■ **DATA IN THIS EXERCISE**:
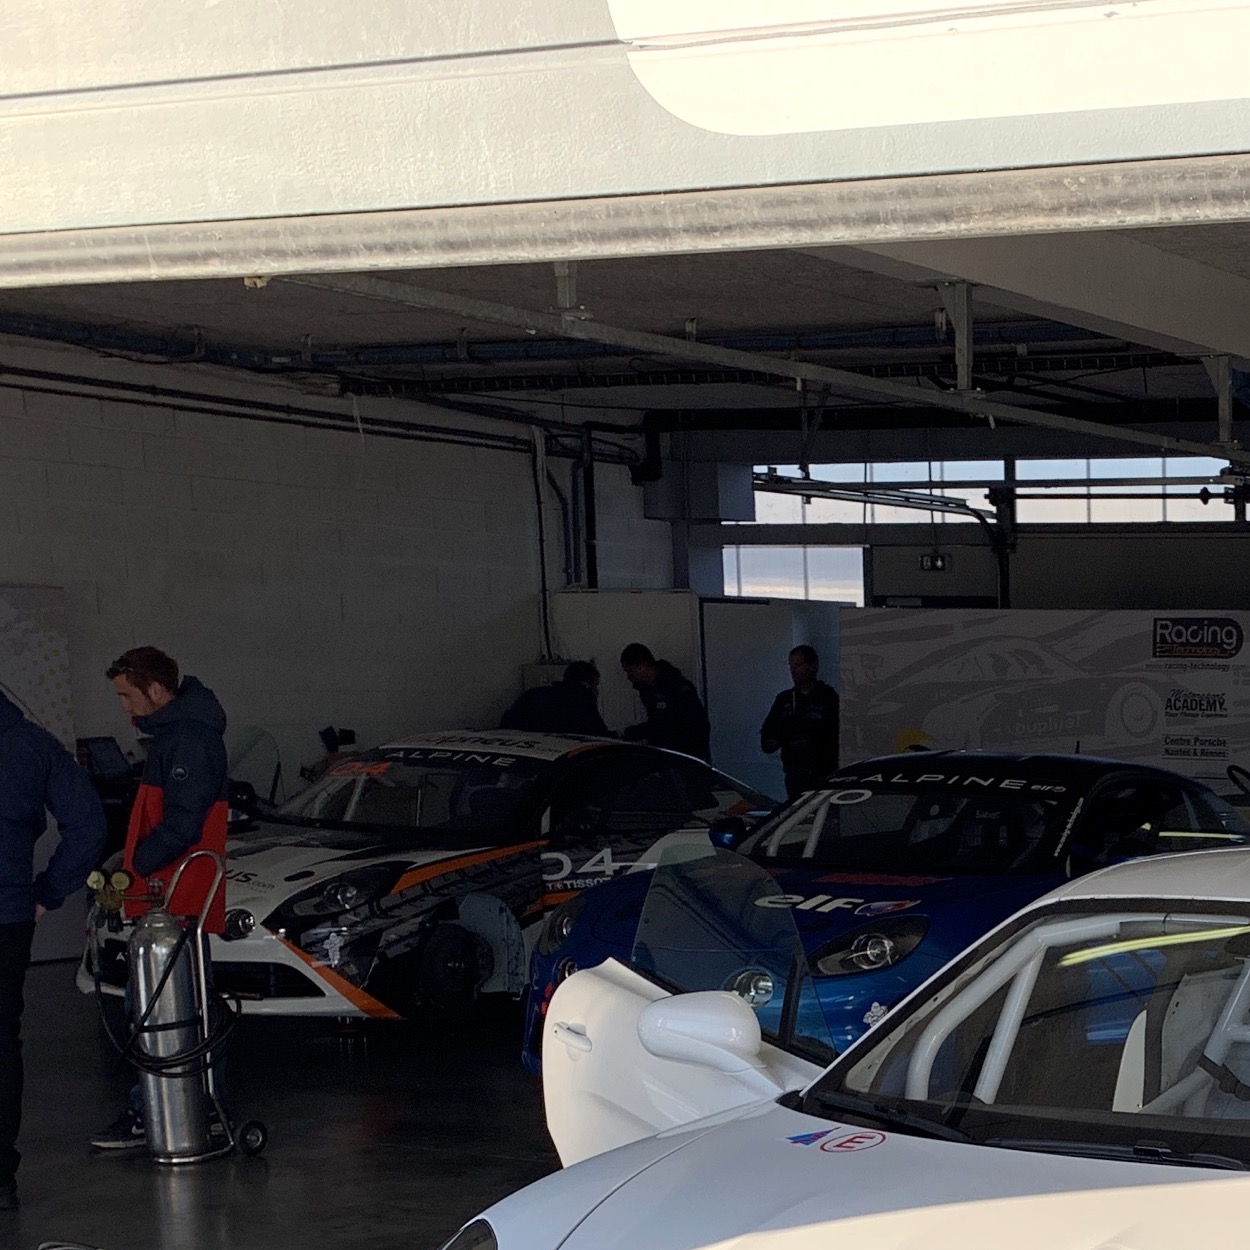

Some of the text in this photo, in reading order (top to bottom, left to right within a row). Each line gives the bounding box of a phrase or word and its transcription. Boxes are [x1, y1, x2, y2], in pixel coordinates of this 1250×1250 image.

[1156, 620, 1237, 649] Racing
[1165, 698, 1225, 711] ACADEMY
[1164, 736, 1227, 747] Centre Porsche
[385, 751, 517, 767] ALPINE
[1164, 748, 1191, 757] Nantes
[860, 773, 1028, 790] ALPINE
[754, 894, 864, 913] elf
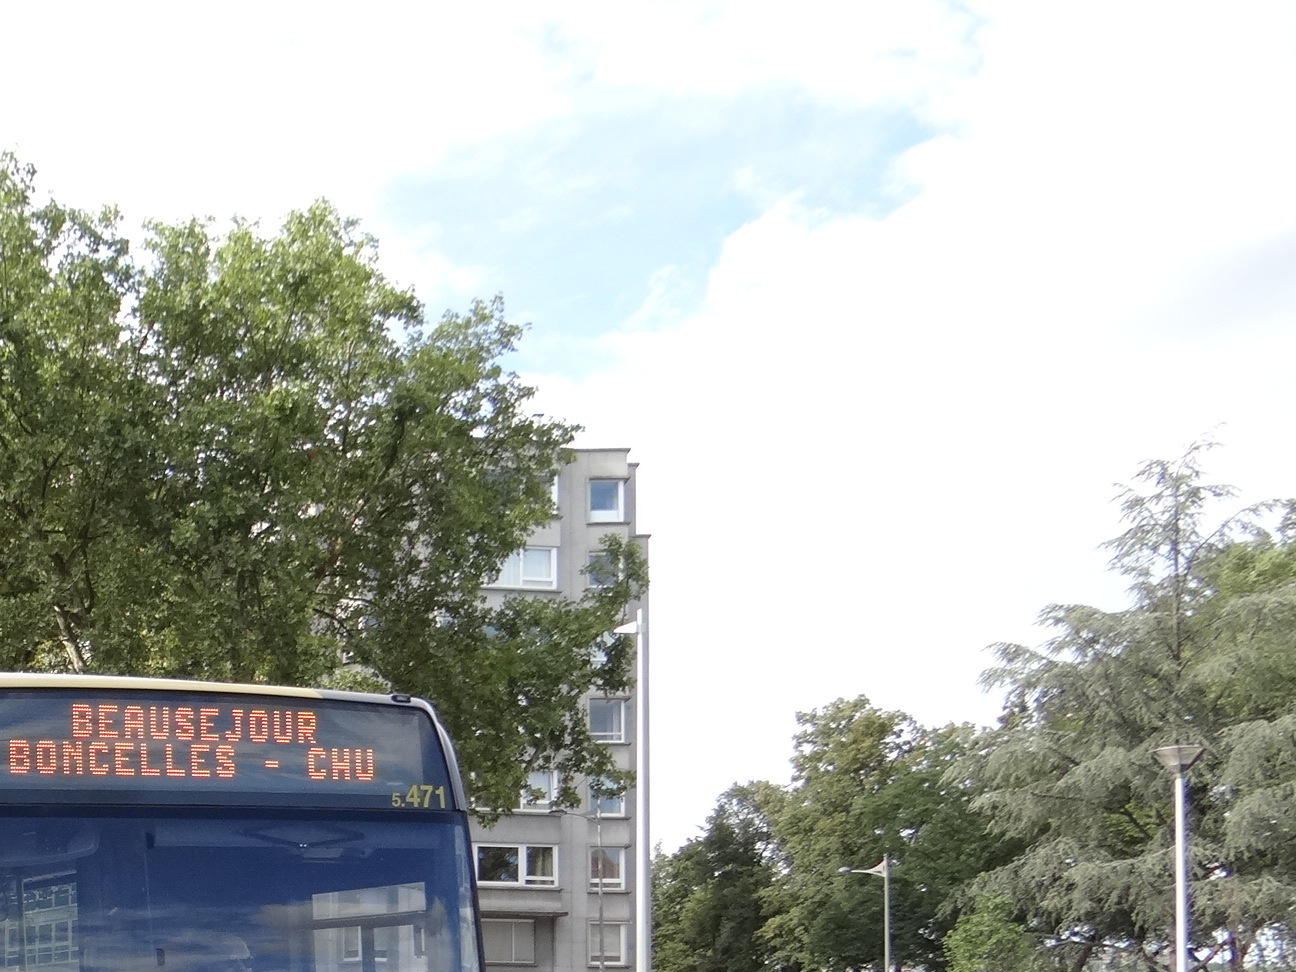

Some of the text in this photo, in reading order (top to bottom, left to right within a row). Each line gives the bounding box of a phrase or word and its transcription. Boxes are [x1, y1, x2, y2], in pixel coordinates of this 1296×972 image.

[72, 702, 317, 744] BEAUSEJOUR
[9, 738, 236, 778] BONCELLES
[307, 747, 374, 781] CHU
[391, 785, 446, 808] 5.471
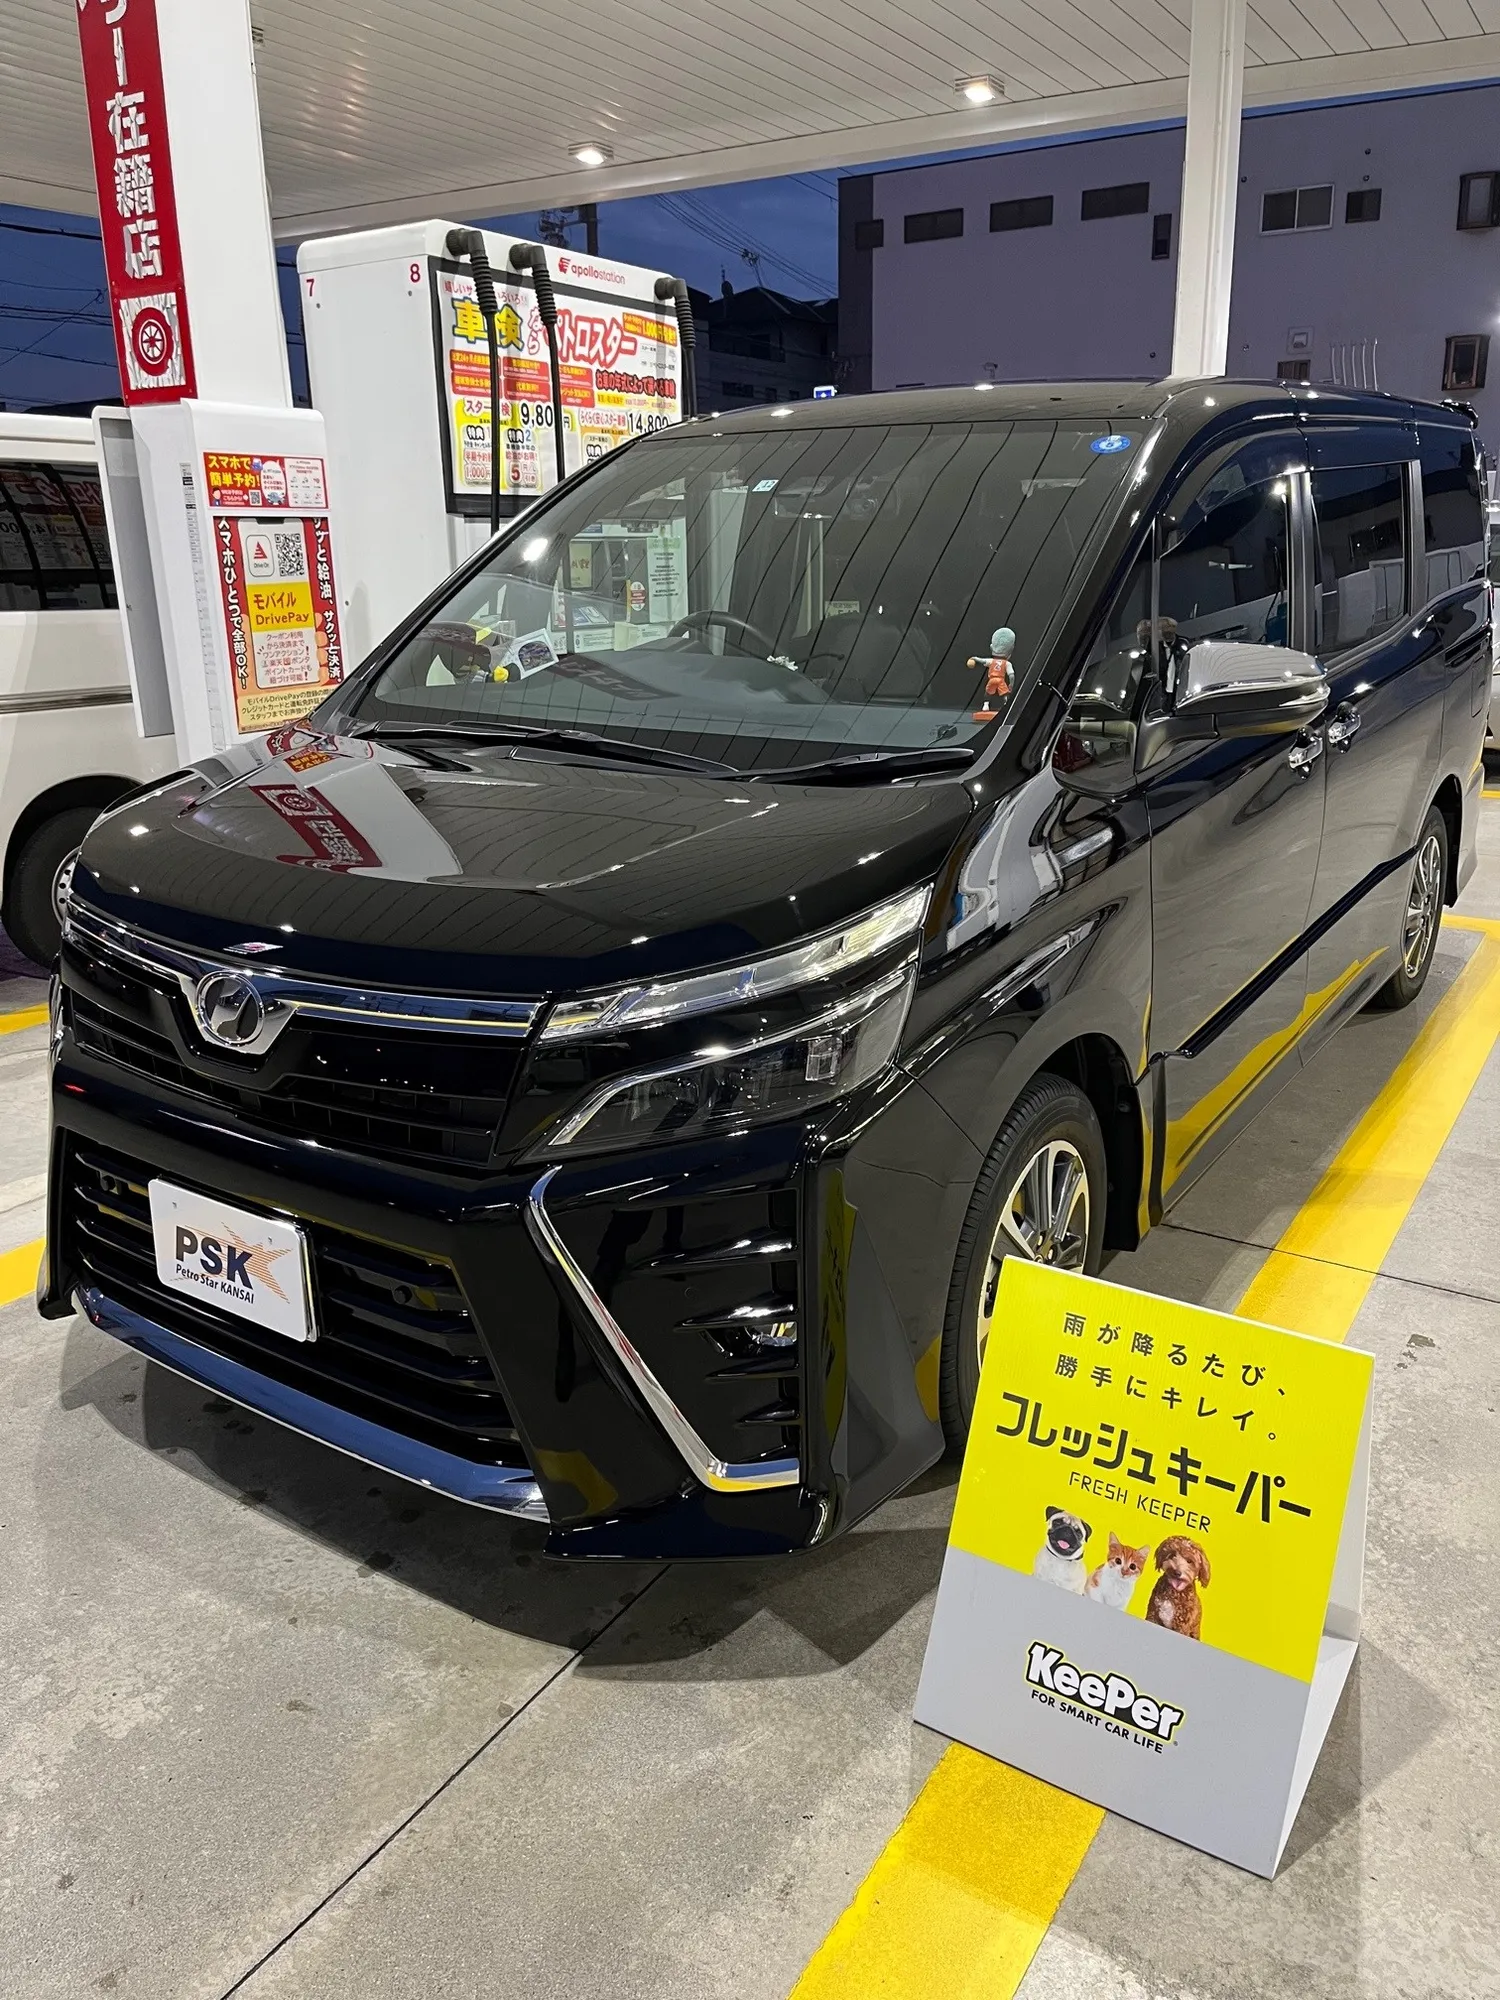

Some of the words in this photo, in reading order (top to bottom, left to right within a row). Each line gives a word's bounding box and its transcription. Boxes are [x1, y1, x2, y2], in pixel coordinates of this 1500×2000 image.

[410, 263, 421, 283] 8
[571, 264, 626, 285] apollostation
[306, 278, 315, 297] 7
[466, 400, 511, 419] スター検
[208, 455, 251, 470] スマホで
[209, 472, 260, 488] 簡単予約!
[511, 464, 520, 481] 5
[254, 591, 297, 610] モバイル
[256, 612, 310, 625] DrivePay
[266, 631, 304, 641] クーポン利用
[267, 640, 305, 650] から決済まで
[264, 666, 313, 676] ポイントカードも
[175, 1225, 254, 1291] PSK
[176, 1263, 200, 1282] Petro
[200, 1273, 219, 1290] Star
[220, 1282, 255, 1304] KANSAI
[1062, 1312, 1286, 1397] 雨が降るたび、
[1054, 1353, 1277, 1441] 勝手にキレイ。
[995, 1391, 1313, 1524] フレッシュキーパー
[1068, 1471, 1128, 1505] FRESH
[1136, 1495, 1212, 1534] KEEPER
[1026, 1641, 1184, 1741] KeePer
[1031, 1689, 1056, 1708] FOR
[1059, 1701, 1102, 1727] SMART
[1105, 1721, 1130, 1740] CAR
[1133, 1733, 1164, 1754] LIFE

■ **WORK REQUIRED**: The full data, repeated exactly and stripped of its pictures, is the expected answer.

■ **EXPECTED ANSWER**:
Some of the text in this photo, in reading order (top to bottom, left to right within a row). Each line gives the bounding box of a phrase or word and its transcription. Boxes are [x1, y1, x2, y2], in pixel coordinates of this 1250×1250 image.

[1156, 620, 1237, 649] Racing
[1165, 698, 1225, 711] ACADEMY
[1164, 736, 1227, 747] Centre Porsche
[385, 751, 517, 767] ALPINE
[1164, 748, 1191, 757] Nantes
[860, 773, 1028, 790] ALPINE
[754, 894, 864, 913] elf

Some of the text in this photo, in reading order (top to bottom, left to right within a row). Each line gives the bounding box of a phrase or word and its transcription. Boxes are [x1, y1, x2, y2], in pixel coordinates of this 1296×972 image.

[72, 702, 317, 744] BEAUSEJOUR
[9, 738, 236, 778] BONCELLES
[307, 747, 374, 781] CHU
[391, 785, 446, 808] 5.471

Some of the words in this photo, in reading order (top to bottom, left to right within a row). Each line gives a word's bounding box and its transcription. Boxes are [x1, y1, x2, y2], in pixel coordinates of this 1500×2000 image.

[410, 263, 421, 283] 8
[571, 264, 626, 285] apollostation
[306, 278, 315, 297] 7
[466, 400, 511, 419] スター検
[208, 455, 251, 470] スマホで
[209, 472, 260, 488] 簡単予約!
[511, 464, 520, 481] 5
[254, 591, 297, 610] モバイル
[256, 612, 310, 625] DrivePay
[266, 631, 304, 641] クーポン利用
[267, 640, 305, 650] から決済まで
[264, 666, 313, 676] ポイントカードも
[175, 1225, 254, 1291] PSK
[176, 1263, 200, 1282] Petro
[200, 1273, 219, 1290] Star
[220, 1282, 255, 1304] KANSAI
[1062, 1312, 1286, 1397] 雨が降るたび、
[1054, 1353, 1277, 1441] 勝手にキレイ。
[995, 1391, 1313, 1524] フレッシュキーパー
[1068, 1471, 1128, 1505] FRESH
[1136, 1495, 1212, 1534] KEEPER
[1026, 1641, 1184, 1741] KeePer
[1031, 1689, 1056, 1708] FOR
[1059, 1701, 1102, 1727] SMART
[1105, 1721, 1130, 1740] CAR
[1133, 1733, 1164, 1754] LIFE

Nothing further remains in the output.